Normally in this space I blog about books and the writing life, and sometimes about my garden or my dogs or how the raccoons are tearing up the pond yet again. The main point of today’s blog is to share this link:  https://www.canadahelps.org/en/pages/canadian-childrens-authors-and-illustrators-suppor/

Canadian children’s authors and illustrators have joined together in an effort to raise money to support Syrian refugees. Inspired by the enormously successful UK fundraising campaign organized by British YA author Patrick Ness, Sarah Harvey and Robin Stevenson have started a similar fundraising campaign in Canada. They’re asking those who can to make a small contribution to Doctors Without Borders, an independent medical relief group that operates medical facilities in Syria and supports more than 100 clinics and hospitals in the country. Their original goal to raise $10,000 was met in 72 hours so the goal has been doubled to $20,000.

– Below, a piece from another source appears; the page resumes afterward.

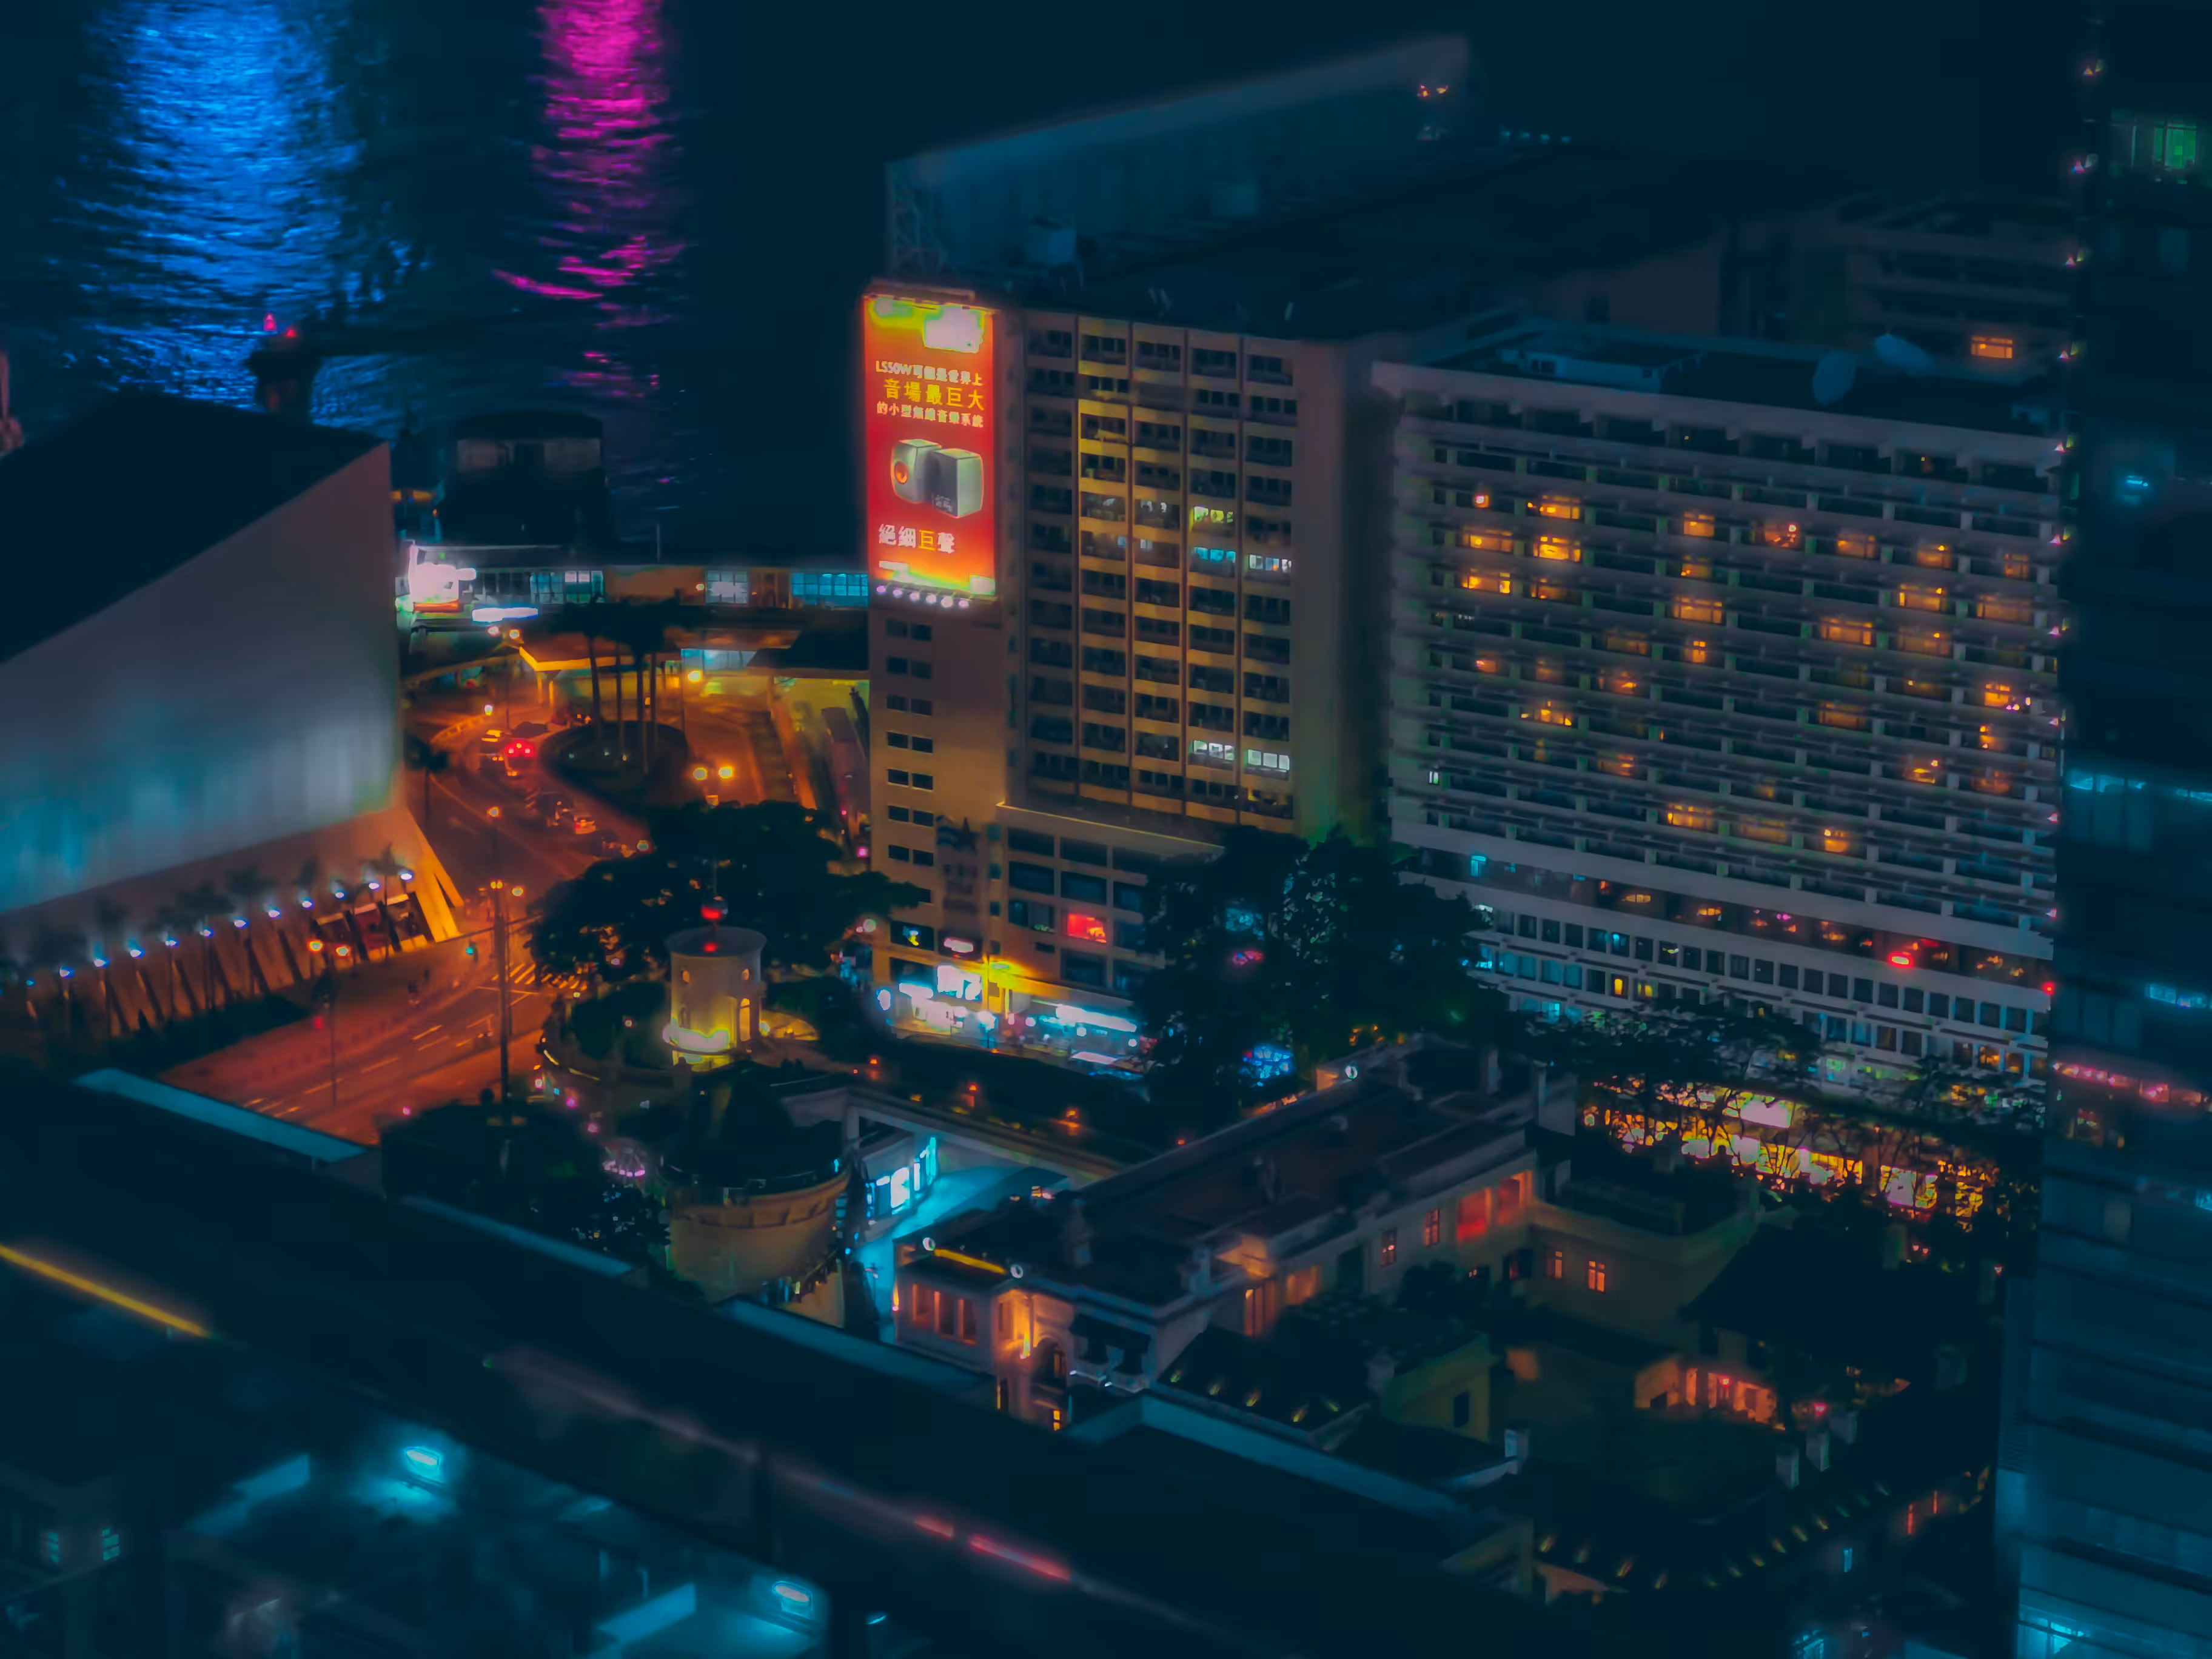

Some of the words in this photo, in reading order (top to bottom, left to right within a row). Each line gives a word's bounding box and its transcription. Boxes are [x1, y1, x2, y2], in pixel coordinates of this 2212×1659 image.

In case you’ve missed the news, the situation is dire. The conditions for people fleeing Syria and other parts of the Middle East are horrific. Doctors Without Borders is providing very direct help, and the above link will take you to the signup sheet for a donation. It’s easy to contribute and you don’t need to be an author or an illustrator to do it. You don’t have to pledge much. You don’t have to pledge at all. This isn’t about pressure or guilt or anything remotely close. It’s an opportunity.

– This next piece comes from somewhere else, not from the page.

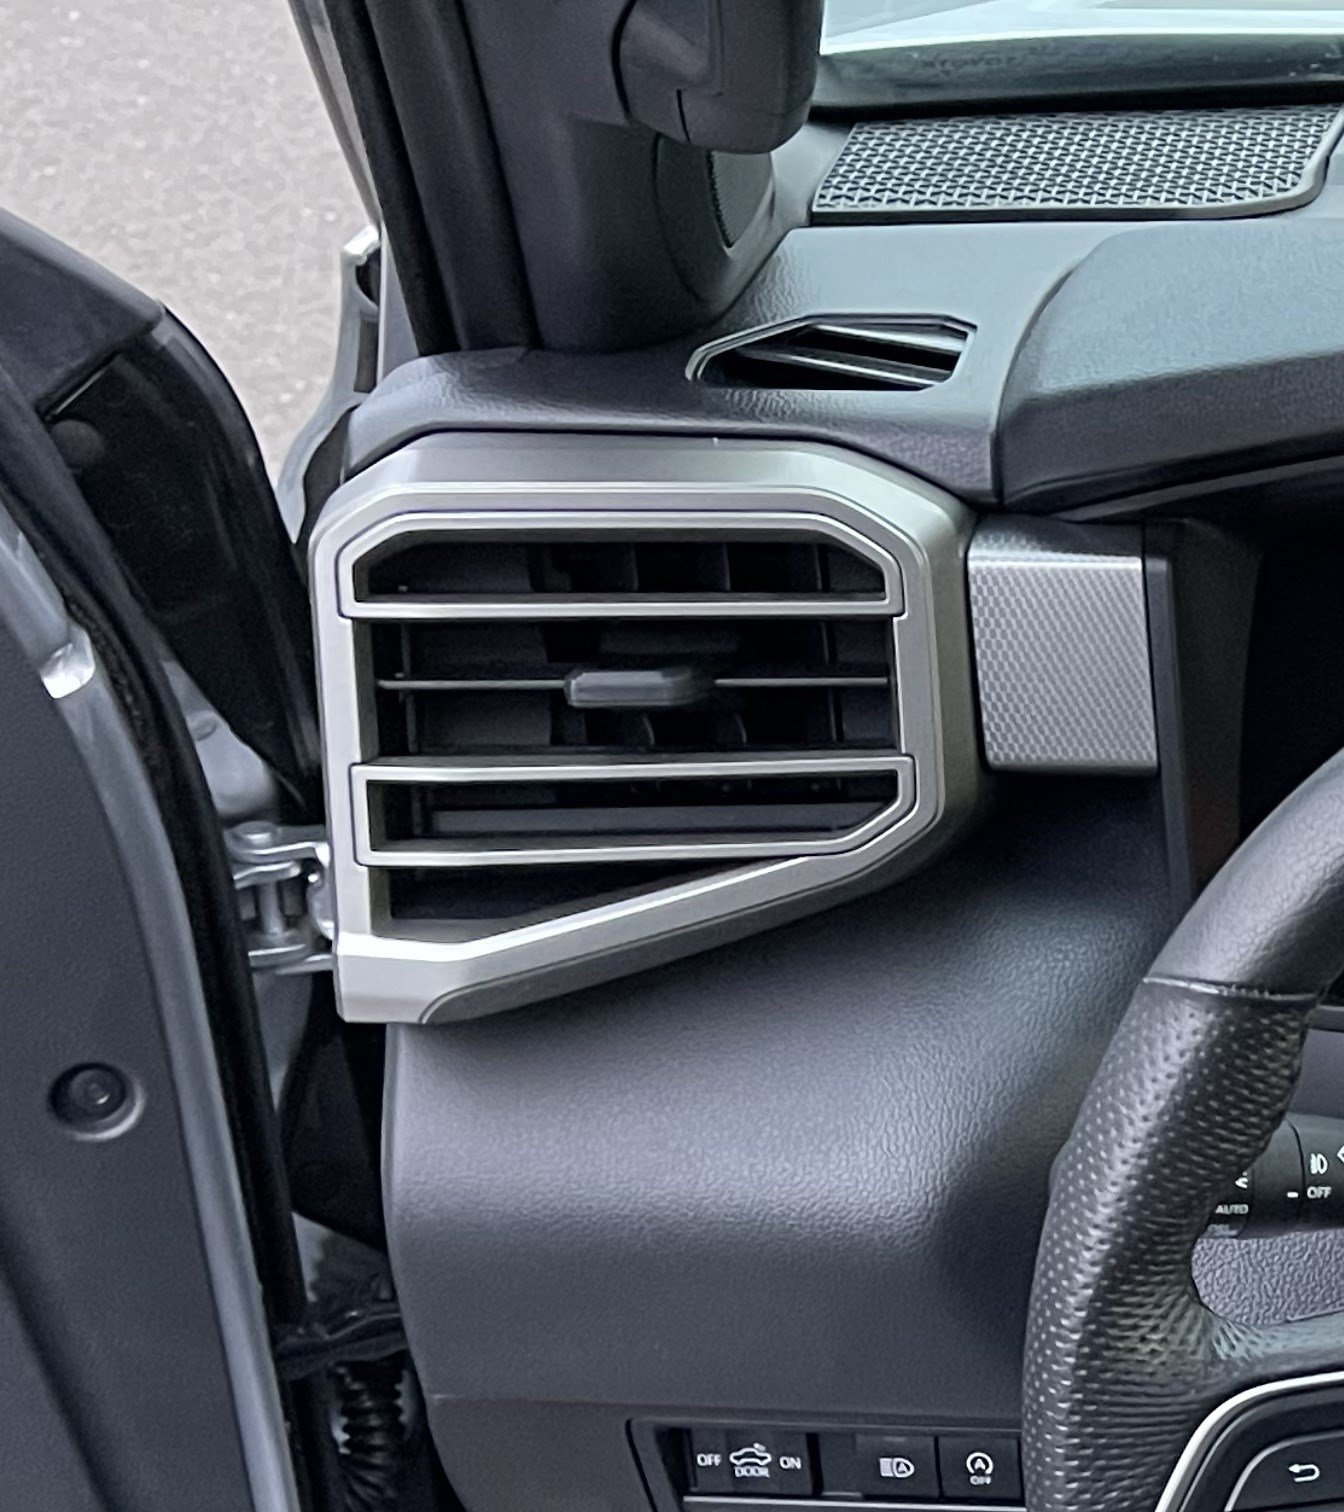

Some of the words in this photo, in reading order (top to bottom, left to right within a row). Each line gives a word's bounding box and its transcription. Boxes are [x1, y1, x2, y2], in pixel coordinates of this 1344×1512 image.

[1307, 1187, 1331, 1198] OFF
[1216, 1204, 1248, 1214] AUTO
[697, 1454, 721, 1466] OFF
[780, 1457, 801, 1469] ON

I know there are opportunities everywhere. There’s need everywhere too. There are homeless people downtown and people out of work and seniors who can’t afford the drugs they need and single mothers who don’t know where they’ll get money for next week’s school lunches and the food banks are low on donations. And we have our own bills to pay and the economy sucks and on and on it goes.

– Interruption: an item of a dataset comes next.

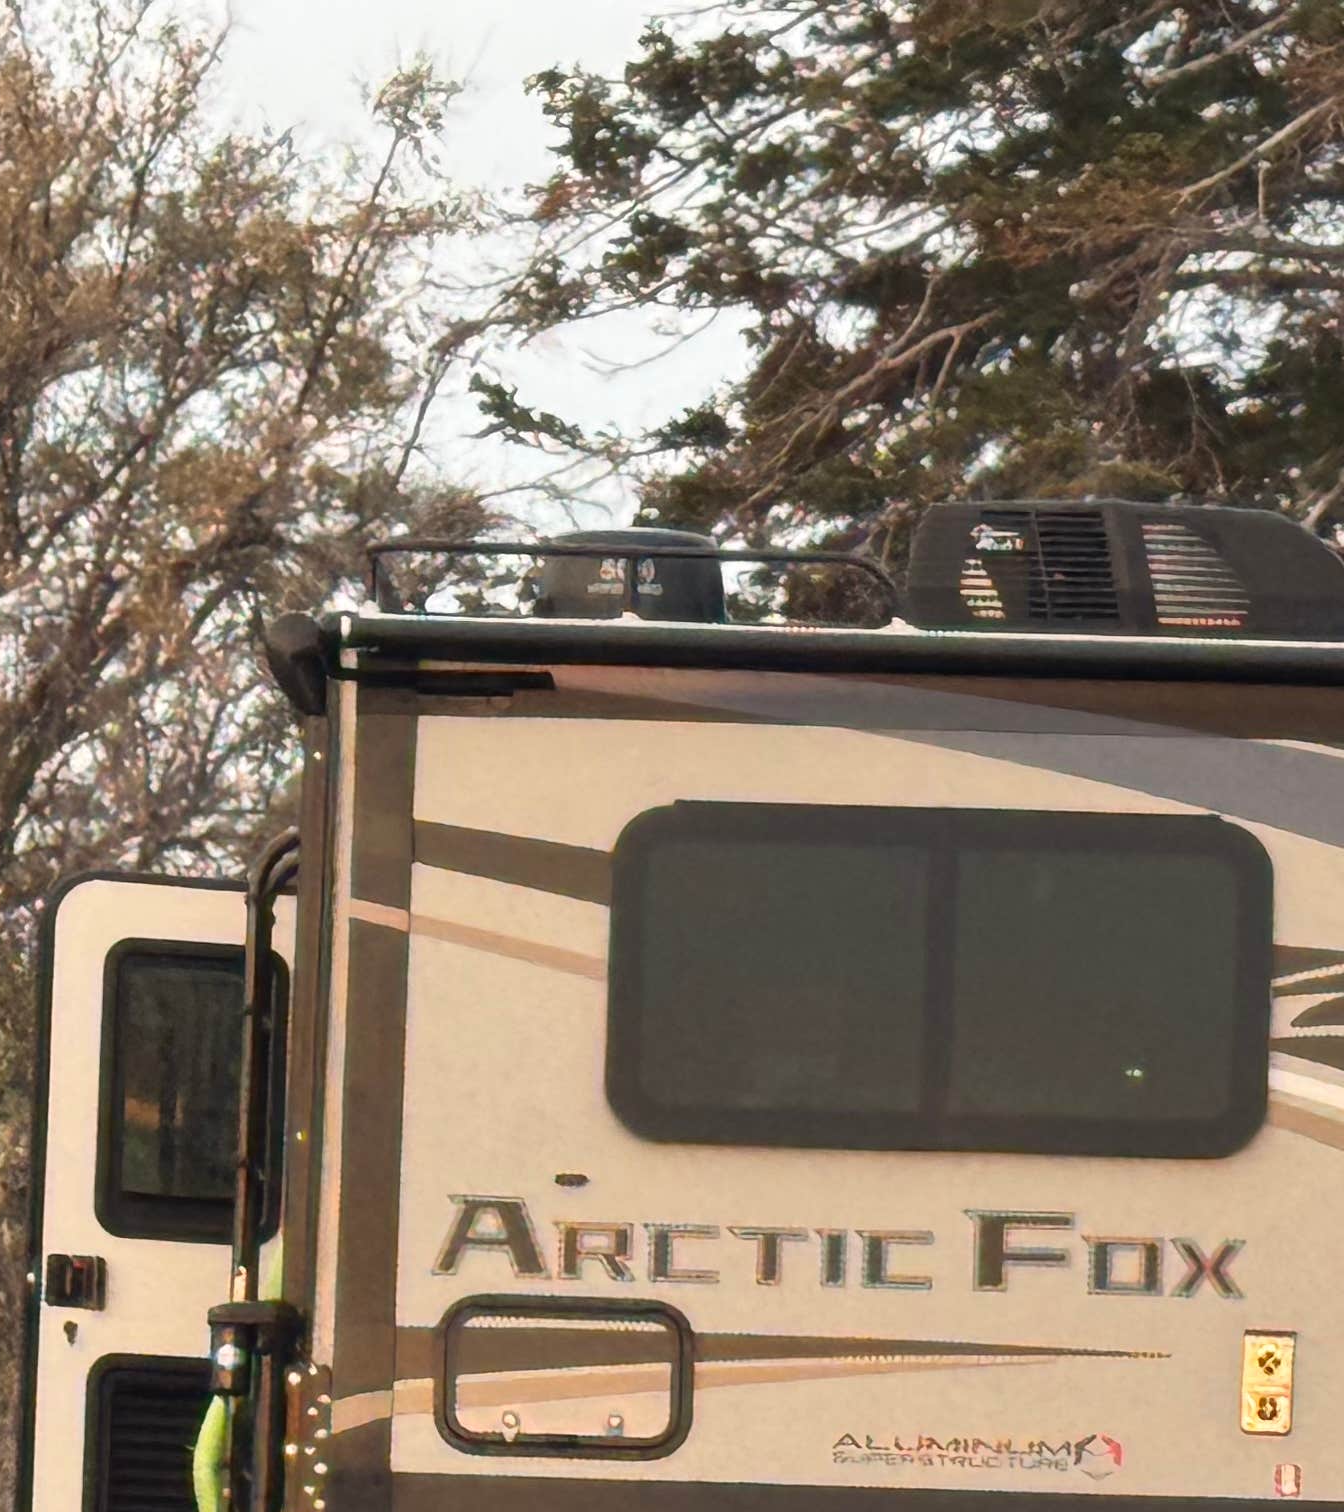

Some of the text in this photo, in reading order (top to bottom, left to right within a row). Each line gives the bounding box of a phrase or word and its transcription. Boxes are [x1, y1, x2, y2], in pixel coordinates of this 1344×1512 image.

[430, 1193, 1249, 1300] ARCTIC FOX
[832, 1433, 1072, 1457] ALUMINUM

It’s exhausting, really. I’m exhausted thinking about it. But I’m not half as exhausted as those Syrian parents who are piling their families into a leaky boat for a life threatening trip to Europe.

Refugee numbers, worldwide, are mushrooming at a staggering rate. Since 2013 alone, the United Nations has documented a four-fold increase. Millions of people are impacted, many of them women and children. I’ve heard people say it’s too far away; they can’t relate. Others bring up the terrorist and security issue. But this isn’t about terrorism or security or politics. And how far is too far away?

If most of us dig far enough back into our own personal history, chances are we’d  find an ancestor or two who fled untenable conditions without much more than the clothes on their backs. Or maybe they migrated here under relatively comfortable conditions. But migrate they did and they probably had a helping hand along the way. It’s easy to forget that. It’s easier still to believe this isn’t about us.

When my kids were young, I told them about my husband’s family who fled a dictatorship in Europe and came to Canada. They couldn’t relate. That was one of the reasons I wrote Lesia’s Dream which highlights the Ukrainian immigration and subsequent internment at the start of World War 1. In writing that book, I spent many hours thinking about our ancestors. Those people who crossed oceans and endured hardship to give themselves, their children, and their children’s children, a better life.

To give my children a better life.

So Sarah and Robin and the rest of the Canadian children’s authors and illustrators aren’t rallying for a cause. We’re rallying to help fellow human beings. And we hope you will too.